● **Problem statement**:
Every entry below needs to be repeated exactly.
########
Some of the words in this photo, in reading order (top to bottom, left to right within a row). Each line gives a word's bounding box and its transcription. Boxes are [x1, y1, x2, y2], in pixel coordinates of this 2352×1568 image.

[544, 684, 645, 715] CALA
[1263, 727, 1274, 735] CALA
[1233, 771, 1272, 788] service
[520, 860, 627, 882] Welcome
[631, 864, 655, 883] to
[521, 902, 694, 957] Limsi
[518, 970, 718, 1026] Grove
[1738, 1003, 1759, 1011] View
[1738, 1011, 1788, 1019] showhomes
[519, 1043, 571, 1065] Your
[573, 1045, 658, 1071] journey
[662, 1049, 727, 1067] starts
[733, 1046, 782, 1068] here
########
● **Problem solution**:
Some of the words in this photo, in reading order (top to bottom, left to right within a row). Each line gives a word's bounding box and its transcription. Boxes are [x1, y1, x2, y2], in pixel coordinates of this 2352×1568 image.

[544, 684, 645, 715] CALA
[1263, 727, 1274, 735] CALA
[1233, 771, 1272, 788] service
[520, 860, 627, 882] Welcome
[631, 864, 655, 883] to
[521, 902, 694, 957] Limsi
[518, 970, 718, 1026] Grove
[1738, 1003, 1759, 1011] View
[1738, 1011, 1788, 1019] showhomes
[519, 1043, 571, 1065] Your
[573, 1045, 658, 1071] journey
[662, 1049, 727, 1067] starts
[733, 1046, 782, 1068] here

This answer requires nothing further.